#### What you should do:
Transcribe the entries exactly. Omit the pictures.

(Referring expression grounding data)
+ + + +
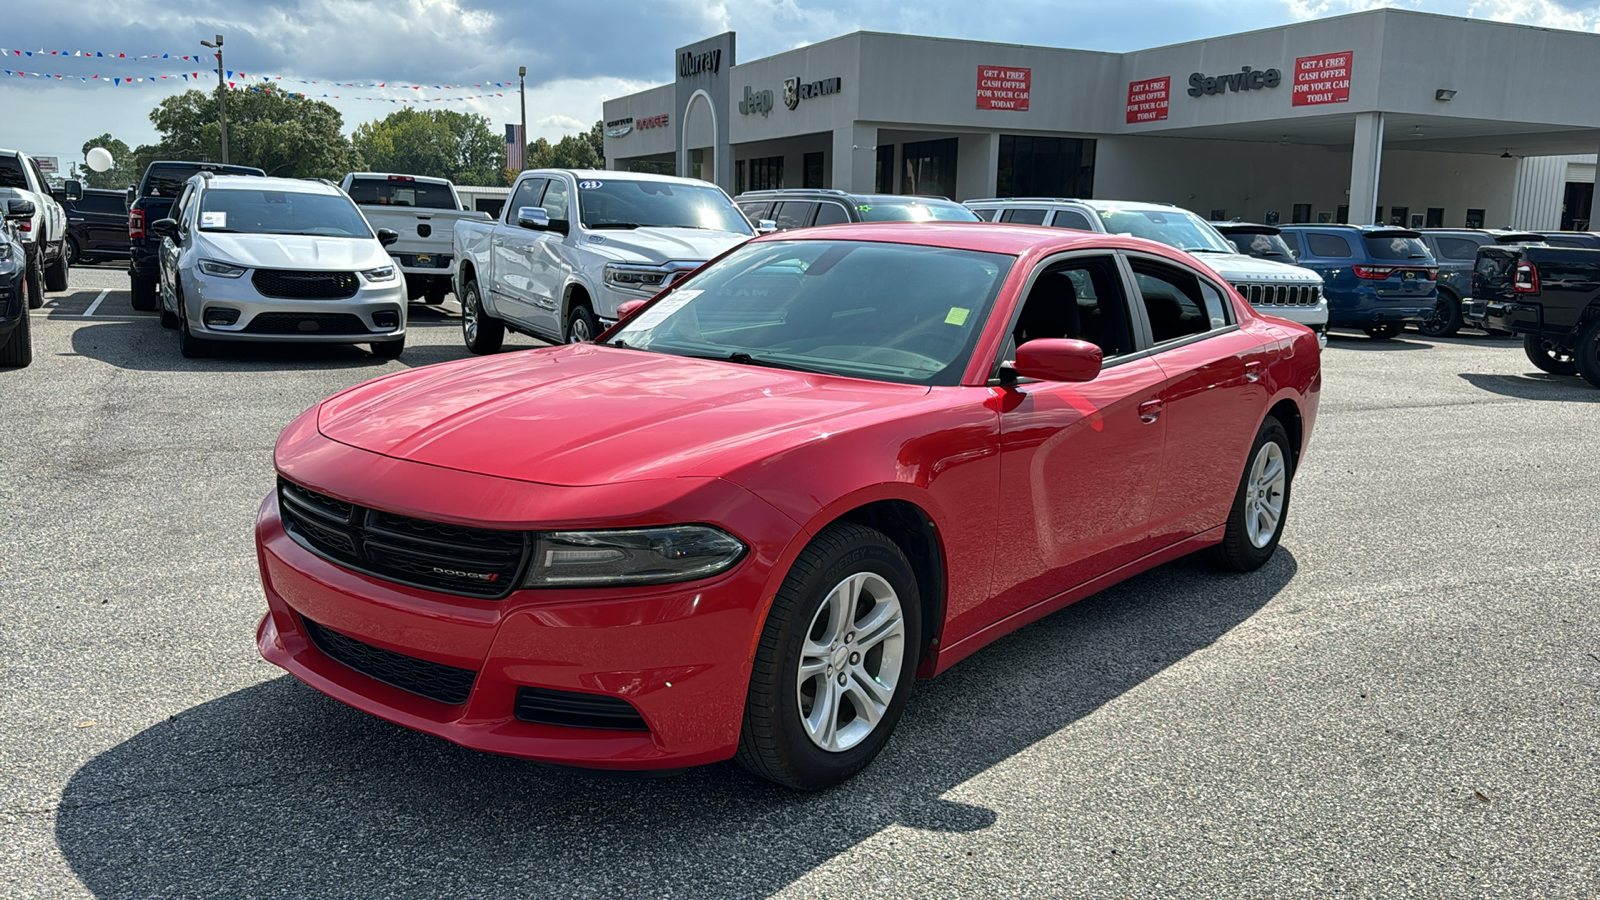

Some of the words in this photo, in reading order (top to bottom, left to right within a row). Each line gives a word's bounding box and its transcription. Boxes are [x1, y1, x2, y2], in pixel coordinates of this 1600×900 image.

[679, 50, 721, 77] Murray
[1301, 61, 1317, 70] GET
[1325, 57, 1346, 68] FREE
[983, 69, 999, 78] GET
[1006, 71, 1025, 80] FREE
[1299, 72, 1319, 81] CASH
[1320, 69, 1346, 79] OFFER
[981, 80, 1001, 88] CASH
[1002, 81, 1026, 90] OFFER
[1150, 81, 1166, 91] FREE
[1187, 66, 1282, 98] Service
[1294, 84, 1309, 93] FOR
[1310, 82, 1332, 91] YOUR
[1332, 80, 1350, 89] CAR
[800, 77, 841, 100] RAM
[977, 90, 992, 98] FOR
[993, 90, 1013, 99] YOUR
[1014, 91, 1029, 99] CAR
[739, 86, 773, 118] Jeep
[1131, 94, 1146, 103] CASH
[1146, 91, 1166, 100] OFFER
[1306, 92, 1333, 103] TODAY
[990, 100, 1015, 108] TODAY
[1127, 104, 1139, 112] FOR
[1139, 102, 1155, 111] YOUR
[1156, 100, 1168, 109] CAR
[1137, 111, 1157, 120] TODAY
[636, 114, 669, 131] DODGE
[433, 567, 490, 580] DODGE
+ + + +
#### Answer to the exercise:
Some of the words in this photo, in reading order (top to bottom, left to right within a row). Each line gives a word's bounding box and its transcription. Boxes are [x1, y1, x2, y2], in pixel coordinates of this 1600×900 image.

[679, 50, 721, 77] Murray
[1301, 61, 1317, 70] GET
[1325, 57, 1346, 68] FREE
[983, 69, 999, 78] GET
[1006, 71, 1025, 80] FREE
[1299, 72, 1319, 81] CASH
[1320, 69, 1346, 79] OFFER
[981, 80, 1001, 88] CASH
[1002, 81, 1026, 90] OFFER
[1150, 81, 1166, 91] FREE
[1187, 66, 1282, 98] Service
[1294, 84, 1309, 93] FOR
[1310, 82, 1332, 91] YOUR
[1332, 80, 1350, 89] CAR
[800, 77, 841, 100] RAM
[977, 90, 992, 98] FOR
[993, 90, 1013, 99] YOUR
[1014, 91, 1029, 99] CAR
[739, 86, 773, 118] Jeep
[1131, 94, 1146, 103] CASH
[1146, 91, 1166, 100] OFFER
[1306, 92, 1333, 103] TODAY
[990, 100, 1015, 108] TODAY
[1127, 104, 1139, 112] FOR
[1139, 102, 1155, 111] YOUR
[1156, 100, 1168, 109] CAR
[1137, 111, 1157, 120] TODAY
[636, 114, 669, 131] DODGE
[433, 567, 490, 580] DODGE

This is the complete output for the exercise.